Member of Andhra Pradesh Legislative Assembly
- Incumbent
- Assumed office 1983–1999 2004–2009
- Constituency: Kovvur

Personal details
- Born: 31 May 1953 Dommeru, West Godavari district, Andhra Pradesh, India
- Died: 21 May 2024 (aged 70) Hyderabad, Telangana, India
- Party: YSR Congress Party (2012–2024)
- Other political affiliations: Telugu Desam Party (1982–2012)
- Spouse: Nagamani
- Children: 3

= Pendyala Venkata Krishna Rao =

Indian politician (1953–2024)

Pendyala Venkata Krishna Rao (31 January 1953 – 21 May 2024) was an Indian politician from Andhra Pradesh. He was elected as an MLA five times from Kovvur Assembly constituency. He had to step down after the constituency was reserved for Scheduled Caste in 2009. May

==Political career==
Krishnababu entered politics in 1982 through the Telugu Desam Party at NTR's call. He won as MLA five times in 1983, 1985, 1989, 1994 and 2004 assembly elections from Kovvur. Although he was defeated in 1999, he continued his long political career as an MLA for almost 23 years. During the 2009 delimitation of constituencies, Krishnababu could not contest Kovvuru as it was reserved for SC. He joined YSRCP in 2012. He was limited to campaigning in 2014 and 2019 elections.

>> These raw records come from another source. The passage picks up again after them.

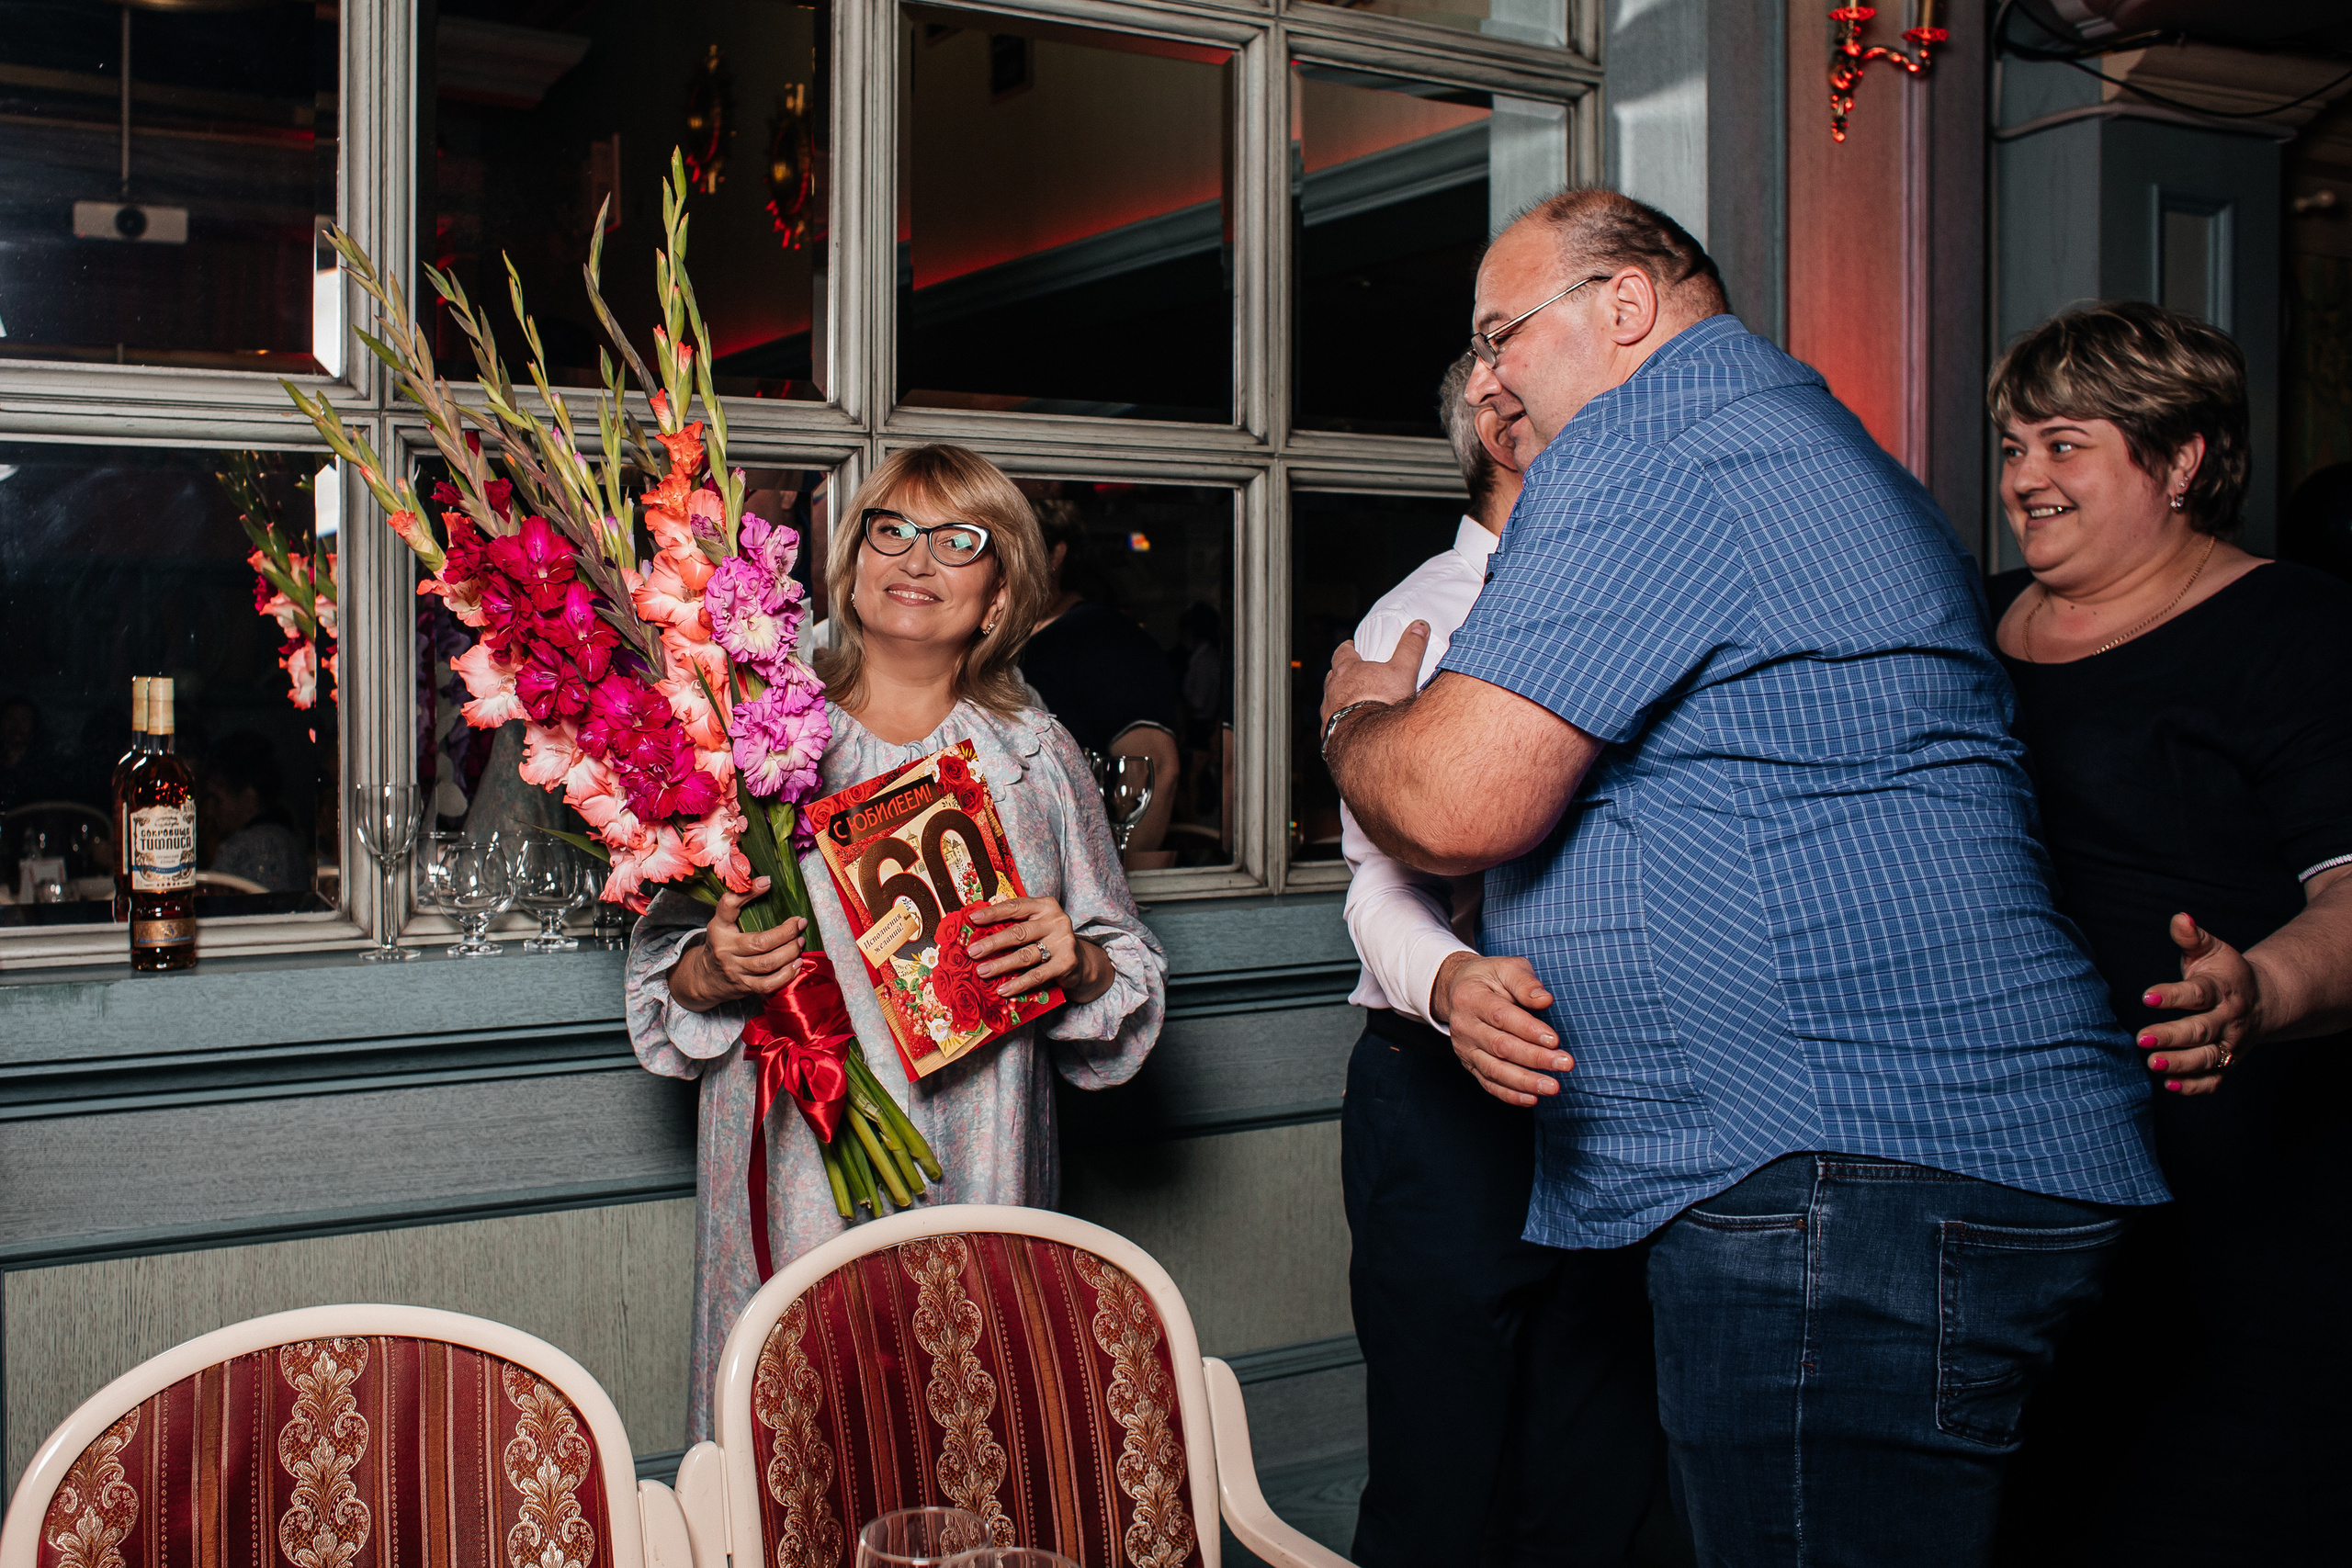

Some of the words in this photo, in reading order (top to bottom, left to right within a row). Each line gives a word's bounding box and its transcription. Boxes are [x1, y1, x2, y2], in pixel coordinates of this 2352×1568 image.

[833, 820, 848, 839] С
[846, 784, 933, 836] ЮБИЛЕЕМ!
[140, 836, 191, 851] ТИФЛИСА
[141, 827, 190, 838] СОКРОВИЩЕ
[859, 809, 999, 961] 60
[864, 913, 902, 950] Исполнения
[874, 922, 904, 954] желаний!
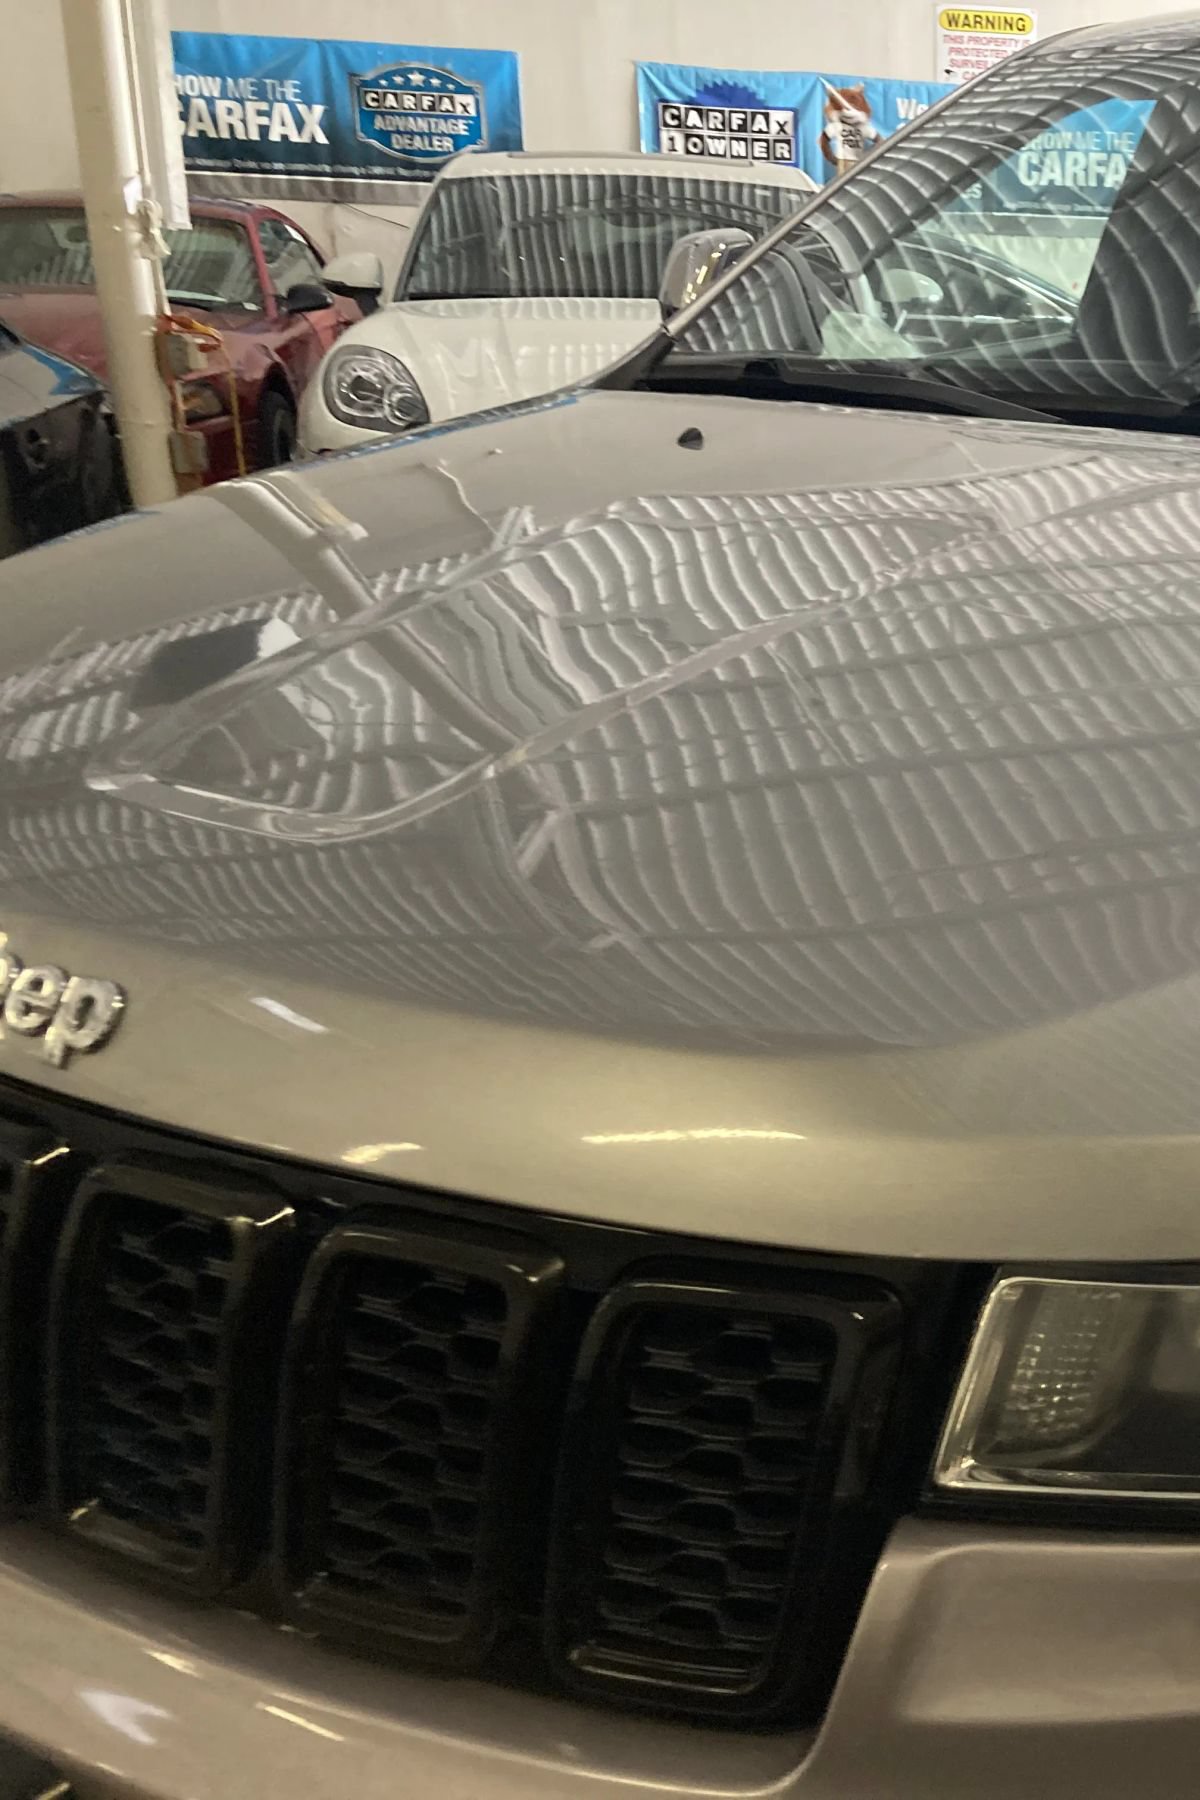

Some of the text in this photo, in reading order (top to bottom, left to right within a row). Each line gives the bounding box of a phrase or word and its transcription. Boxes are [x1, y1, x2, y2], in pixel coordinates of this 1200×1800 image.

[946, 12, 1026, 32] WARNING
[174, 74, 303, 102] HOW ME THE
[364, 90, 474, 115] CARFAX
[662, 105, 791, 135] CARFAX
[390, 132, 455, 153] DEALER
[667, 134, 792, 160] 1 OWNER
[1017, 150, 1136, 190] CARFA

He continued to be a member of the YSRCP Central Governing Council.

==Personal life and death==
Pendyala Venkata Krishna Rao had two sons, Venkatarayudu and Ravibabu, along with a daughter, Archana sennar and grandchildren Arjun Sennar. After suffering from a long illness, he died at a private hospital in Hyderabad, on 21 May 2024, at the age of 71.